Talking about your senior’s funeral and burial options might be something you’ve both been avoiding, even if she’s nearing the end of her life. One type of burial option to consider is a green burial, which is better for the environment than traditional burial or cremation. 

Burial Materials Need to Be Biodegradable 

Biodegradable materials are ones that are natural and break down over time. These are materials that have little to no impact on the environment and that blend into the earth after they break down. That means that things like a metal coffin wouldn’t be considered part of a green burial. Wood, particularly wood that has been harvested in a sustainable manner, and natural fabrics like bamboo, cotton, or hemp, are all good choices. 

Chemicals Are a No-go 

Because a green burial is about not affecting the environment, chemicals typically used to preserve bodies are not necessary and not allowed in the process. Refrigerating is usually the recommended means of preserving the body rather than embalming. This can mean that someone who wants a green burial would be buried very soon after passing away.  

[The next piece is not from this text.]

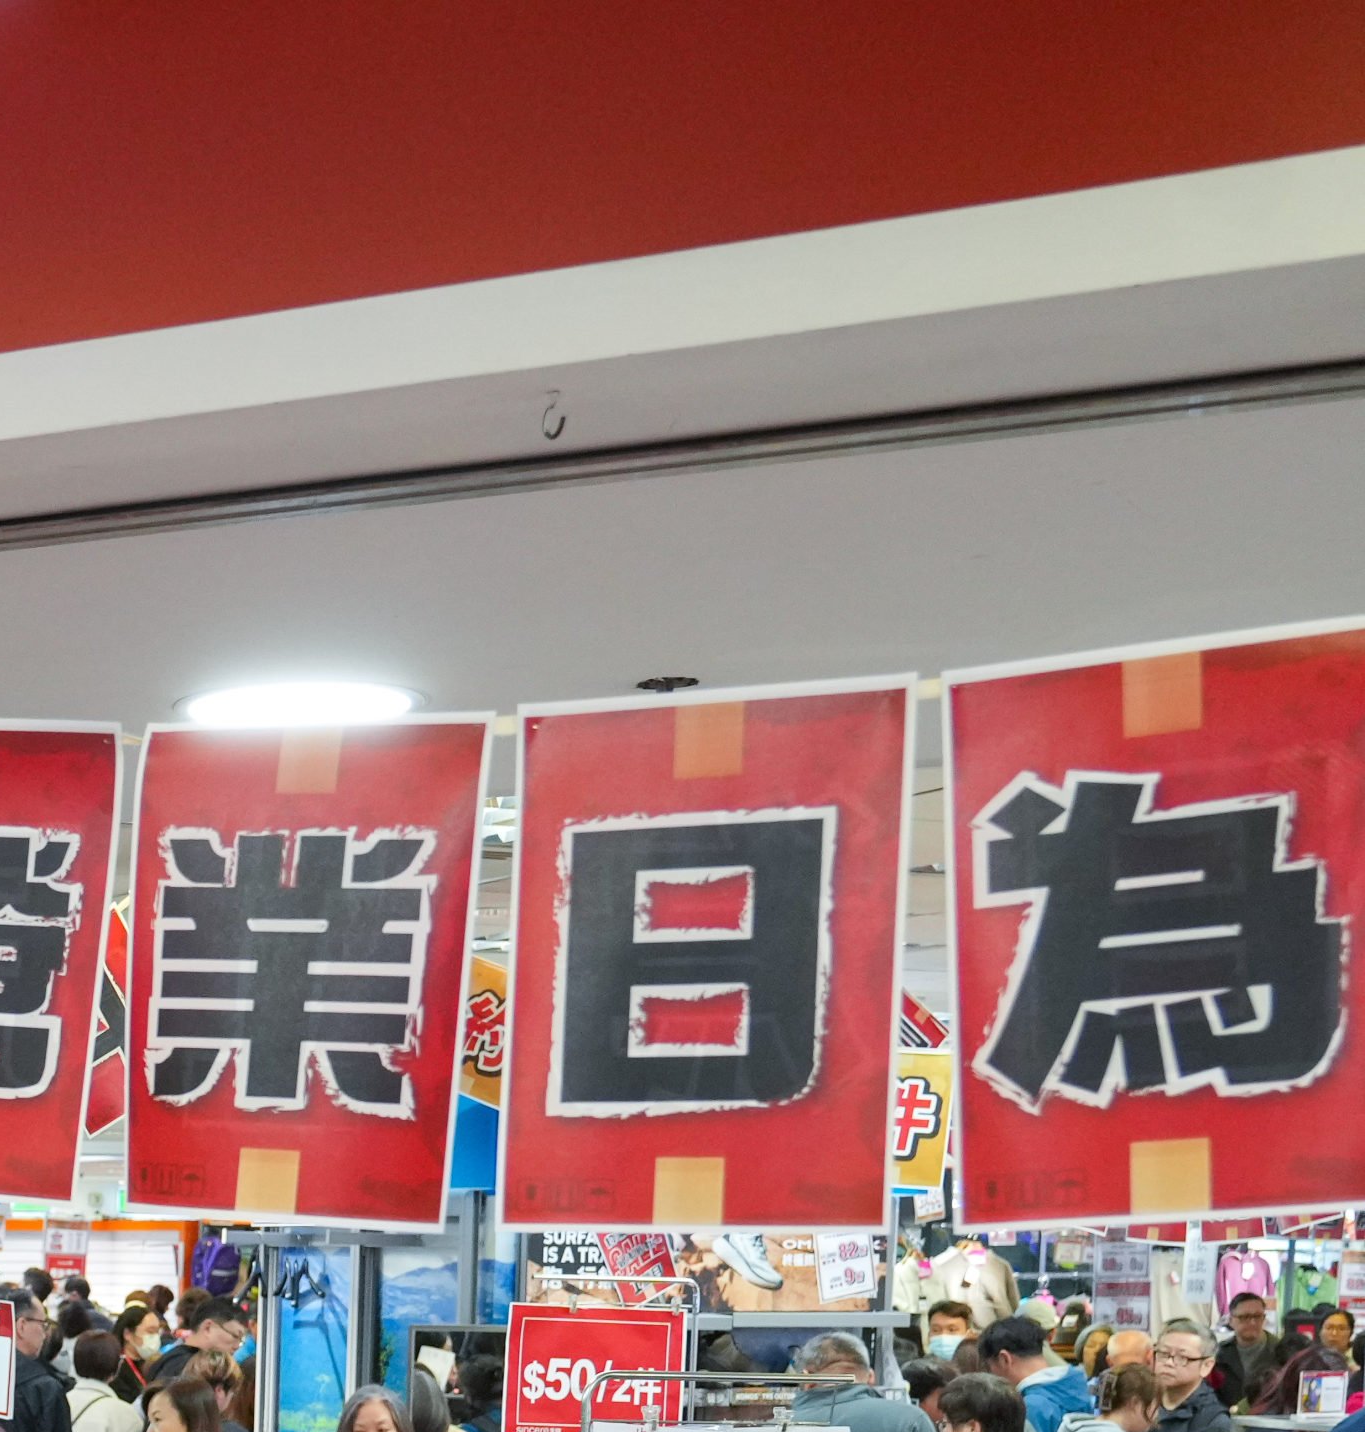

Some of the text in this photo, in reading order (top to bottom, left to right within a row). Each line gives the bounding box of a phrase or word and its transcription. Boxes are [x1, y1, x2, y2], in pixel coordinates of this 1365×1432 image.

[542, 1246, 605, 1264] IS A TR

Concrete Isn’t Typically Allowed 

Most people are familiar with concrete vaults used to prepare the cemetery plot. In fact, most cemeteries actually require a vault to be used to protect the coffin and to keep the ground above and around the coffin from sinking. But concrete isn’t a natural, biodegradable material, so if your senior is considering a green burial, then a vault of any kind won’t be part of the requirements, especially one in concrete. 

Grave Markers Must Be Natural 

Grave markers are another area that is different with a green burial. Metal, concrete, and even stone grave markers are common in traditional cemeteries. With a green burial, however, you’re encouraged to use natural grave markers, like a tree or shrub. Some green cemeteries allow engraved markers, as long as they’re made of biodegradable materials, like wood. If your elderly family member wants a larger marker, then burial with the seed of a tree is an option that grows over time. Many green burials include GPS coordinates that you can use to come back to your senior’s place of rest later. 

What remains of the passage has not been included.